CHARLOTTE, North Carolina (GenomeWeb) – Roche this week previewed its new set of sequencing-based liquid biopsy assays for cancer research, hosting an early-access tester of the products who shared some of her data at the Association for Molecular Pathology meeting held here.
Shelly Gunn, chief medical officer of contract diagnostics organization ResearchDx (and medical director of its subsidiary Pacific Diagnostics Clinical Laboratory) introduced the new assays, which Roche has named "Avenio ctDNA kits," at a workshop on Wednesday.
She also shared data from reproducibility experiments conducted by ResearchDx and two other early-access users.
The new assays — one targeting 17 genes and one targeting 77 genes — are based on the CAPP-Seq technology developed by Stanford University's Max Diehn and Ash Alizadeh, which Roche acquired when it bought Diehn and Alizadeh's newly-formed company CAPP Medical in mid-2015.
Diehn's and Alizadeh's groups first published on CAPP-Seq — which stands for Cancer Personalized Profiling by deep Sequencing — in Nature Medicine in 2014.

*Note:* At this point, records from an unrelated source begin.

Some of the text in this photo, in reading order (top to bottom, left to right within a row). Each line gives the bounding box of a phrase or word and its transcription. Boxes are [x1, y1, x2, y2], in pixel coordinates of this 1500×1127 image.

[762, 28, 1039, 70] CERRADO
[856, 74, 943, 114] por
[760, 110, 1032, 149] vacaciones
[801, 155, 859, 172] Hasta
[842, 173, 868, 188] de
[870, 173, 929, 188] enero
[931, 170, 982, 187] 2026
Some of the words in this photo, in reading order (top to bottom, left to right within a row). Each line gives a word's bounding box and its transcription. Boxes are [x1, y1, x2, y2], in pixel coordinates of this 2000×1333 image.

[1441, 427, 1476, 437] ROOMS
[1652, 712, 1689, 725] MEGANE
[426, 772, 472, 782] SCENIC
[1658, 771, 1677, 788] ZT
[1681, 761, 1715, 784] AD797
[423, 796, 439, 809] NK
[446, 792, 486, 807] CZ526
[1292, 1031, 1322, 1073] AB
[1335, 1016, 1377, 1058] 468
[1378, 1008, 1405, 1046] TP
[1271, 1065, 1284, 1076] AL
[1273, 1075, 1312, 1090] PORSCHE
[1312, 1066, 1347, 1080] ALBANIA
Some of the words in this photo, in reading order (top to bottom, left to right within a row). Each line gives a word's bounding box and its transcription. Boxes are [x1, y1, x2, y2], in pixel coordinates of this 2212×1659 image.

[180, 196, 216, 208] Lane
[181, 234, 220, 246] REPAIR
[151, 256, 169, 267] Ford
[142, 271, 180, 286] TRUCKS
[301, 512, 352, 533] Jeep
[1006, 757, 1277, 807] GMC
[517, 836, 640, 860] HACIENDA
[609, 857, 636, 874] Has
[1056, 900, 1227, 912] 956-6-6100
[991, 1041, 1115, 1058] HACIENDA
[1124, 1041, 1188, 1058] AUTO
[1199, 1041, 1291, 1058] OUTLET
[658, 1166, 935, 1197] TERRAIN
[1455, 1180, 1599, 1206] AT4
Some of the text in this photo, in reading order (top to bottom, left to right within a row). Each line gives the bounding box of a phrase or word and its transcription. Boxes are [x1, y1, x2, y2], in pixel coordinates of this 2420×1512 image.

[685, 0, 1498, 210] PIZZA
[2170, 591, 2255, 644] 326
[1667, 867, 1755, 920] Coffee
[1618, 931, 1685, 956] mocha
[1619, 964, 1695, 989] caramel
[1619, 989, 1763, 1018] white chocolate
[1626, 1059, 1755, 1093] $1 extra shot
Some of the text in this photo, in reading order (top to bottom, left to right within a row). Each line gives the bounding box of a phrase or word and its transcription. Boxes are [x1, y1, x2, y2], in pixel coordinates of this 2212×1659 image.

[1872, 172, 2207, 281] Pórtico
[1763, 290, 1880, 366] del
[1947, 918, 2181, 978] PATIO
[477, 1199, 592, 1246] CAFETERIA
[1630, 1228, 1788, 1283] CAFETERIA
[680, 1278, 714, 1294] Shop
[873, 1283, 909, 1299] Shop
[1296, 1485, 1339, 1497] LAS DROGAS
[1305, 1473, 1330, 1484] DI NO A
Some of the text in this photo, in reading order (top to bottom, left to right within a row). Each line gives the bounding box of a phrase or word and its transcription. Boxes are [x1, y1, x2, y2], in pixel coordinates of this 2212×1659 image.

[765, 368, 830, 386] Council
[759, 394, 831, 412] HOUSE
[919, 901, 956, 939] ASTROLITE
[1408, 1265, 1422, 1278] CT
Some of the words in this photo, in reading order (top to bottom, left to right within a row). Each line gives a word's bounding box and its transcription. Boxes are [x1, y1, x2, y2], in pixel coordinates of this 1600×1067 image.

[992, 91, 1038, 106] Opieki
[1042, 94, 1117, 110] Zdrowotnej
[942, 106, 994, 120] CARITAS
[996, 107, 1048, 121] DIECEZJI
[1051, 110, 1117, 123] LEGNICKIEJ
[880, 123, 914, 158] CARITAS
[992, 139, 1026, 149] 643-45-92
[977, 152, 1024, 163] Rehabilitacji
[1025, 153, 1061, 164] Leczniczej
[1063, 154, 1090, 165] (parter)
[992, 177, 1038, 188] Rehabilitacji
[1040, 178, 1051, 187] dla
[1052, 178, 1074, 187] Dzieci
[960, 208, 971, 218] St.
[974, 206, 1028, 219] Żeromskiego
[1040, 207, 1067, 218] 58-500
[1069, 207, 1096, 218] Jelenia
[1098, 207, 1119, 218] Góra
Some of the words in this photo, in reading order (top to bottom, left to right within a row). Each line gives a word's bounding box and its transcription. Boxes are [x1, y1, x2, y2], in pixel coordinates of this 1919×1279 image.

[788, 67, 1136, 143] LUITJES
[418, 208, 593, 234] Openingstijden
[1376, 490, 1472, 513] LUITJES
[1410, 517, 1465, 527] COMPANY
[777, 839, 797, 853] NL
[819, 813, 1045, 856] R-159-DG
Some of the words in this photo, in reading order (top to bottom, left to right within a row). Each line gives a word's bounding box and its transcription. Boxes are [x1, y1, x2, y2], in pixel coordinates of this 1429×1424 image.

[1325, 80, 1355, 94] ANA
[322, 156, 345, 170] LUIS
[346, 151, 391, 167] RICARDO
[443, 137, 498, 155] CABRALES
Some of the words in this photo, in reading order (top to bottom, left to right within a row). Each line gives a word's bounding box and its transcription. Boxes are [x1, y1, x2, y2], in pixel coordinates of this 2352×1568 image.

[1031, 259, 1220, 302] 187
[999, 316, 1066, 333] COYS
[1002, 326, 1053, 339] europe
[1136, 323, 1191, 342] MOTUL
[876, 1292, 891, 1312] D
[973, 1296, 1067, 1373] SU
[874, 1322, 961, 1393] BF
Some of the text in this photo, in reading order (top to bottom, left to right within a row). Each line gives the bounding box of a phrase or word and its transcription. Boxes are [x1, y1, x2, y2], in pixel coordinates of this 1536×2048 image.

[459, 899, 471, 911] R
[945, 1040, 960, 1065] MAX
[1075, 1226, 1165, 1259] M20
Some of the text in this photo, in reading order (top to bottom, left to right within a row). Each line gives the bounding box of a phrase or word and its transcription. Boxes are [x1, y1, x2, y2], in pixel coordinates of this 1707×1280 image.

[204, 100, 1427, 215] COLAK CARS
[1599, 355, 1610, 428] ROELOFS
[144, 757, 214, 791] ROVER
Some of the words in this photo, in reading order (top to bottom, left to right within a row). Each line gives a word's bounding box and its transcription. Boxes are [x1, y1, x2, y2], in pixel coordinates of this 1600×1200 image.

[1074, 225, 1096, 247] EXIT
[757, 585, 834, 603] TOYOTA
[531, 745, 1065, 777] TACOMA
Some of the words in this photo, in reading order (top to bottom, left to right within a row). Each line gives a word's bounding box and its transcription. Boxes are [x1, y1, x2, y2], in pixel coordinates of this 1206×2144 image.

The method involves identifying highly mutated genomic regions for specific cancer types based on existing data, capturing those regions in patient blood samples, and sequencing them with high coverage.
In the 2014 Nature Medicine study, the researchers assessed their CAPP-seq assay on 40 samples from 13 patients with non-small cell lung cancer, demonstrating that they could detect mutations down to a 0.02 percent frequency.
More recently, the Stanford investigators have described an improved version of CAPP-Seq that incorporates error correction to be able to detect mutations present at frequencies of 0.004 percent, by incorporating molecular barcoding and a statistical method they call integrated digital error suppression (iDES).
Roche, meanwhile, has already become a player in the liquid biopsy space, but mostly in the context of single-gene PCR-based assays. This summer the company successfully brought the first ever liquid biopsy assay through the US Food and Drug Administration, its cobas EGFR Mutation Test v2.
That assay, which is PCR-based, was approved initially as companion diagnostic to identify patients with EGRF mutations that confer eligibility for treatment with Genentech's cancer drug Tarceva, and is now also indicated to identify additional EGFR mutations that predict patients' response to AstraZeneca's second-generation inhibitor Tagrisso (osimertinib).
The company's new CAPP-Seq ctDNA assays are currently intended only for research, Gunn stressed at the meeting. However, their great promise, as she highlighted, will probably be in testing cancer patients clinically to help guide treatment decision-making and monitor the progression of disease.
Clinical labs can, and do, validate tests and offer them clinically under CLIA and state-based agencies, in which they use research-use-only, or RUO tools. However, manufacturers are cautious to specify that products developed as RUOs should not be used for patient testing.
During the AMP meeting, Gunn described some intra- and inter-laboratory reproducibility experiments that ResearchDx performed with two other early evaluators of the new Avenio kits.
The three labs tested a set of 42 control and contrived samples that were either based on particular SNPs, or fusions at varying concentrations.
One of the two Avenio kits is designed to interrogate just 17 genes with a focus on targets with more direct relevance to approved therapies, while the other targets 77 genes including genomic features that can help recruit patients to clinical trials or provide other more investigatory information.
The kits have accompanying bioinformatic support, and are designed to be performed with a five-day turnaround time.
According to Gunn, all three early-access labs had almost perfect concordance in detecting SNPs down to 0.25 percent allele frequency, and fusions down to 1 percent frequency, when they evaluated the 42 test samples.
In studies published on CAPP-Seq by its academic inventors, researchers have claimed much lower detection limits down to below 0.01 percent. Gunn also highlighted specifically in her presentation that the hope is that that level of detection can be demonstrated not only in a research setting, but also clinically.
A Roche spokesperson told GenomeWeb in an email that that the company's plans are currently limited to providing the new panels as RUO kits. She did not provide any detail on when they will be widely or fully available to customers.
Roche is not alone in moving NGS-based liquid biopsy assays into the market. Thermo Fisher Scientific also announced at AMP that it has two ctDNA sequencing assays that will be coming out in the next few weeks—one for breast cancer and one for colon cancer.
These join a panel for non-small cell lung cancer that the company launched earlier this year.